Szybko i ekonomicznie
Metoda pozwala uniknąć klonowania DNA (z wyjątkiem NAPPA) i umożliwia szybkie przekształcenie informacji genetycznej w funkcjonalne białka przy użyciu DNA PCR. Zredukowane etapy produkcji i możliwość miniaturyzacji systemu pozwalają zaoszczędzić na zużyciu odczynników i obniżyć koszty produkcji.
Poprawia dostępność białka
Wiele białek, w tym przeciwciała, jest trudnych do ekspresji w komórkach gospodarza z powodu problemów z nierozpuszczalnością, wiązaniami dwusiarczkowymi lub toksycznością dla komórek gospodarza. Bezkomórkowa macierz białkowa sprawia, że wiele takich białek jest dostępnych do stosowania w mikromacierzach białkowych.
Umożliwia długoterminowe przechowywanie
W przeciwieństwie do DNA, które jest wysoce stabilną cząsteczką, białka stanowią heterogeniczną klasę cząsteczek o różnej stabilności i właściwościach fizykochemicznych. Utrzymanie fałdowania i funkcji białek w stanie unieruchomionym przez długie okresy przechowywania jest dużym wyzwaniem dla mikromacierzy białkowych.
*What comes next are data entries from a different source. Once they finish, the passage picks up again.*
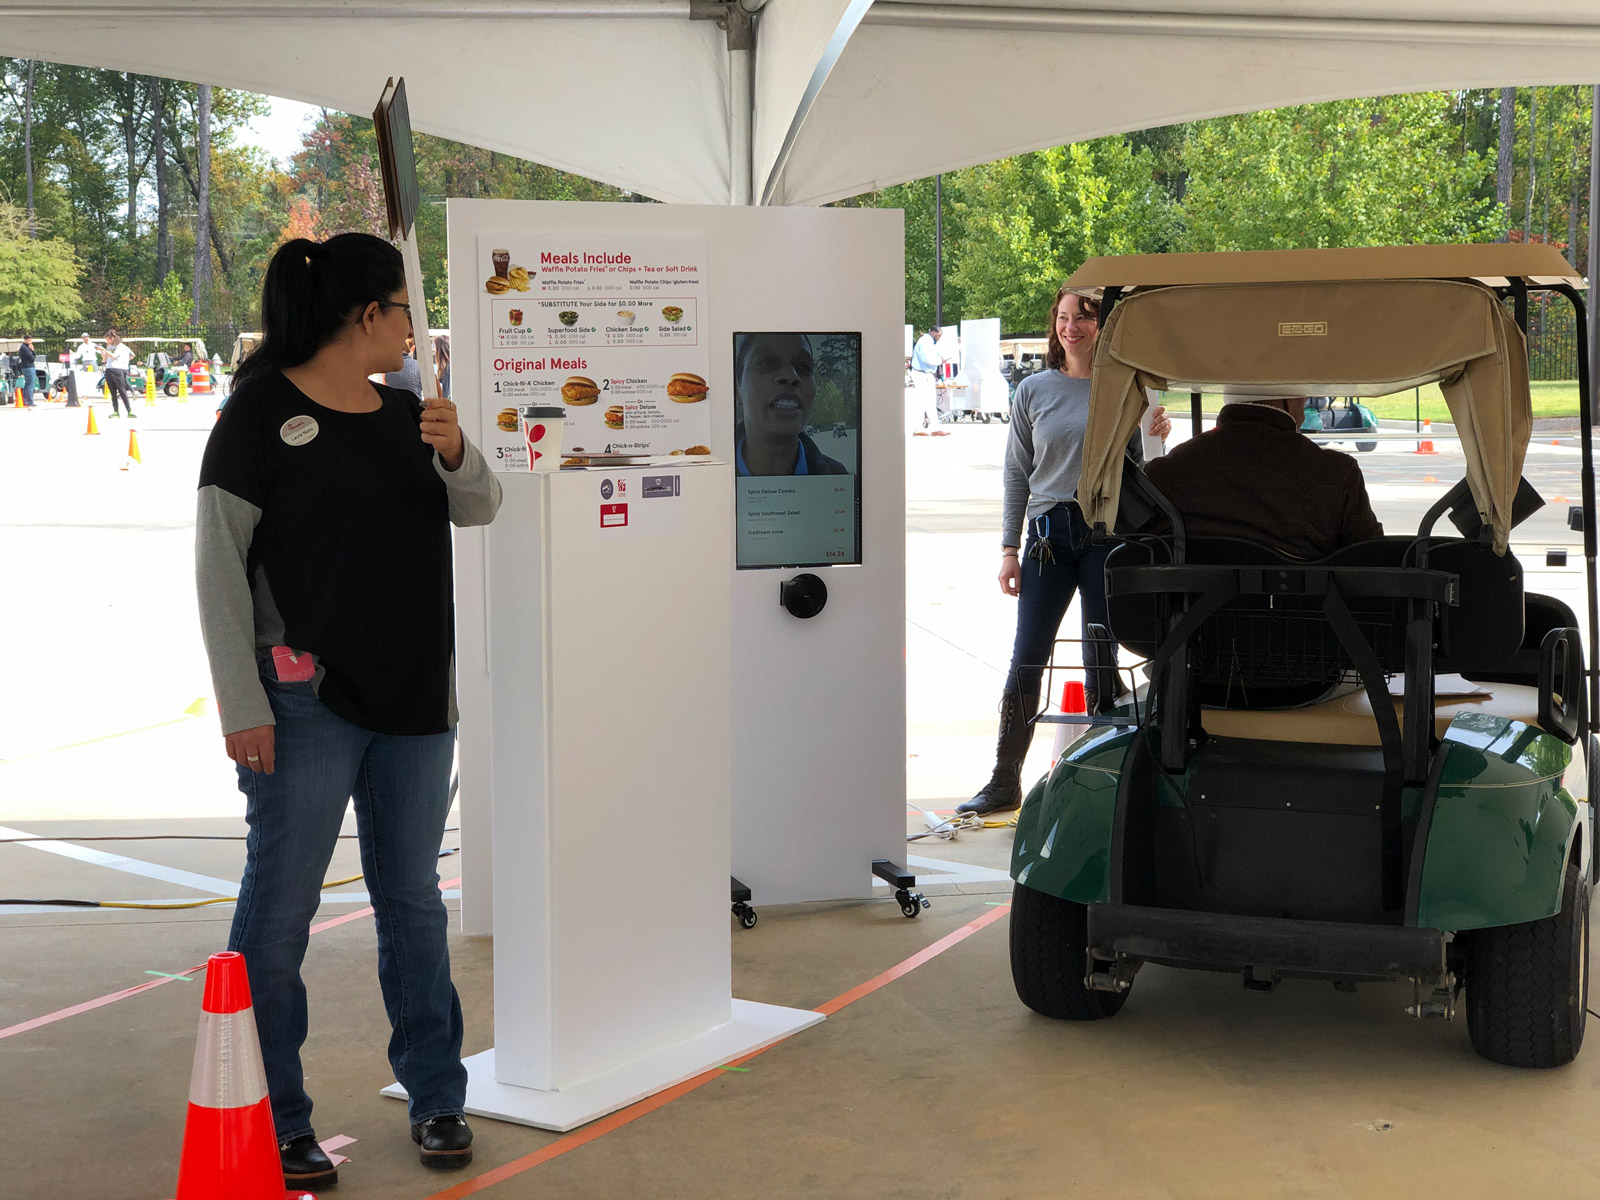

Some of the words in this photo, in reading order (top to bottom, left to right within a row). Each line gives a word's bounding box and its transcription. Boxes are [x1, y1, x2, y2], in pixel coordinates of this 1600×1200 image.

[541, 252, 579, 264] Meals
[583, 252, 631, 264] Include
[618, 266, 636, 274] Chips
[548, 327, 577, 335] Superfood
[494, 358, 545, 374] Original
[550, 357, 587, 369] Meals
[494, 382, 502, 393] 1
[603, 379, 610, 390] 2
[496, 447, 504, 459] 3
[604, 444, 612, 453] 4
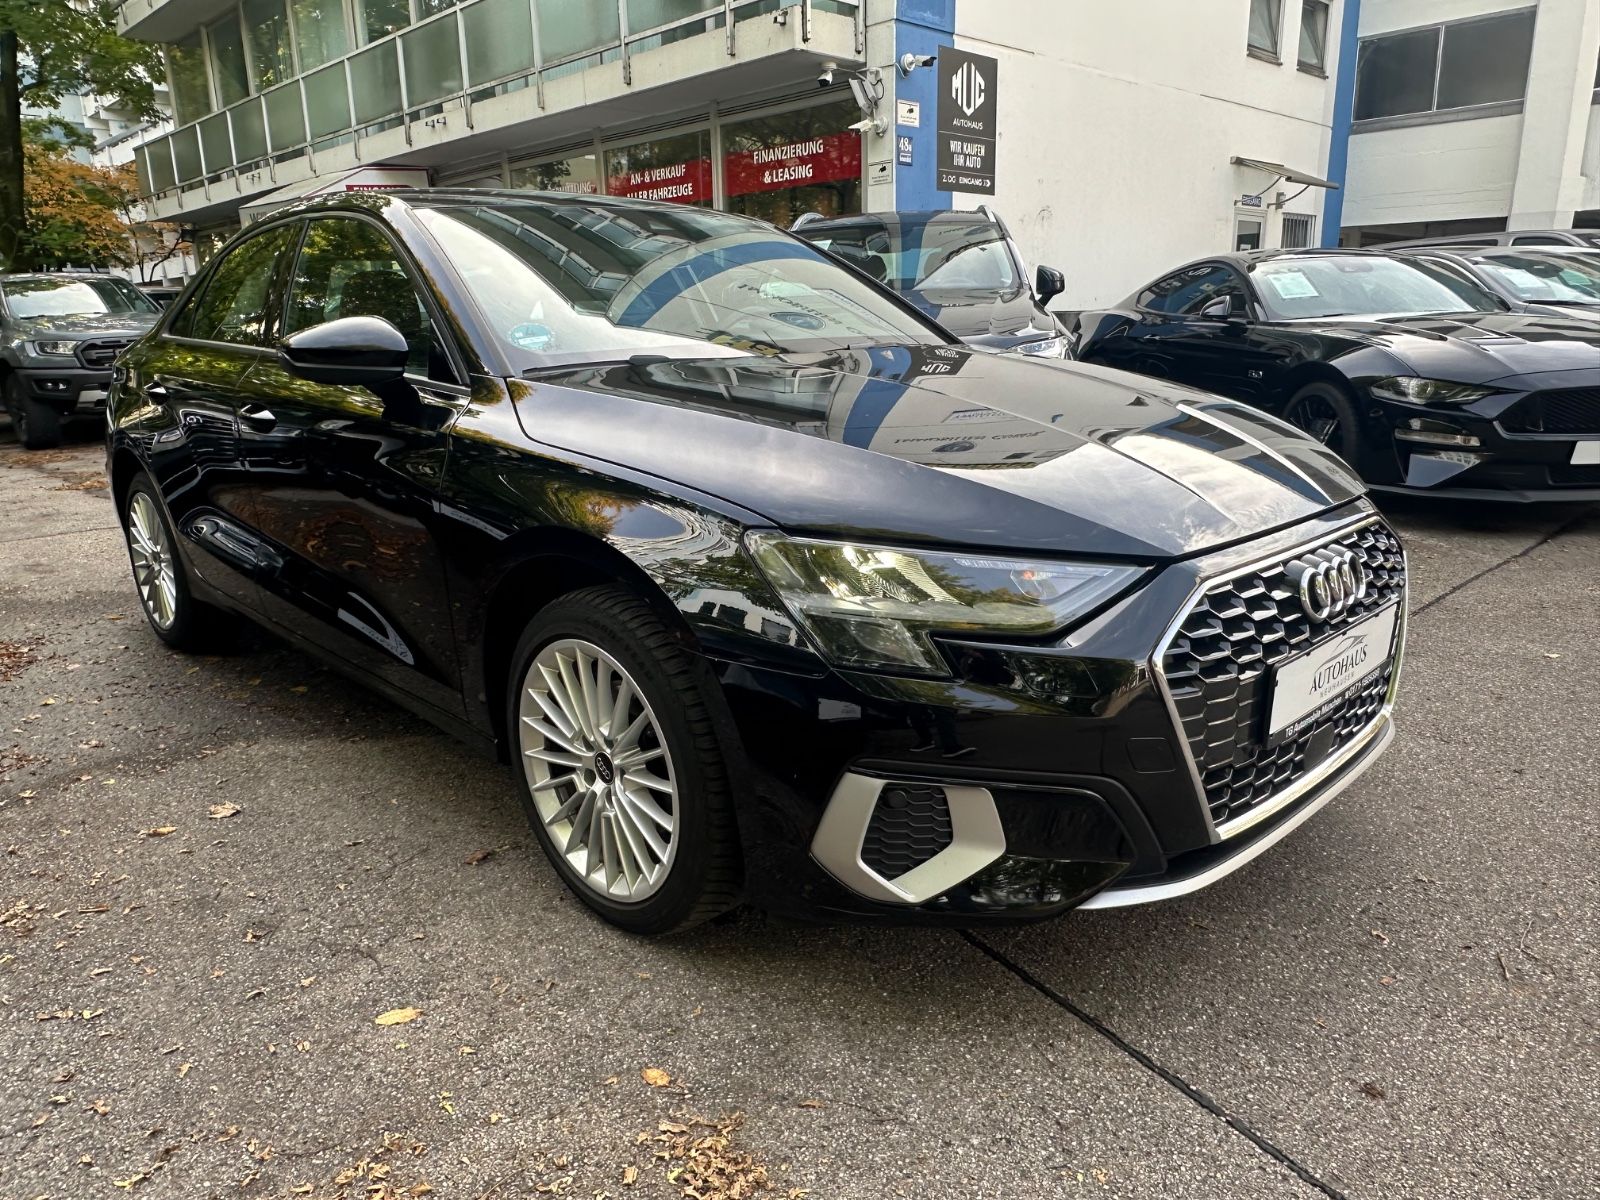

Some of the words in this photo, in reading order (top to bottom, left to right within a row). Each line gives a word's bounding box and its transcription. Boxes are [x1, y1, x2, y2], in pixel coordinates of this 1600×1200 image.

Metody bezkomórkowe dają możliwość szybkiego uzyskania mikromacierzy białkowych na żądanie, eliminując tym samym wszelkie problemy związane z długotrwałym przechowywaniem.
Elastyczny
Metoda jest podatna na szereg różnych matryc: produkty PCR, plazmidy i mRNA. Podczas syntezy można włączyć dodatkowe składniki, aby dostosować środowisko do fałdowania białka, tworzenia wiązań dwusiarczkowych, modyfikacji lub aktywności białka.
Ograniczenie
- Modyfikacja potranslacyjna białek w białkach generowanych przez bezkomórkową syntezę białek jest nadal ograniczona w porównaniu z tradycyjnymi metodami i może nie być tak istotna biologicznie.
Aplikacje
Interakcje białek: badanie interakcji białko-białko i interakcji białek z innymi cząsteczkami, takimi jak metabolity , lipidy , DNA i małe cząsteczki; test hamowania enzymów: do wysokowydajnych badań przesiewowych kandydatów na leki i do odkrywania nowych enzymów do zastosowania w biotechnologii ; skrining specyficzności przeciwciał.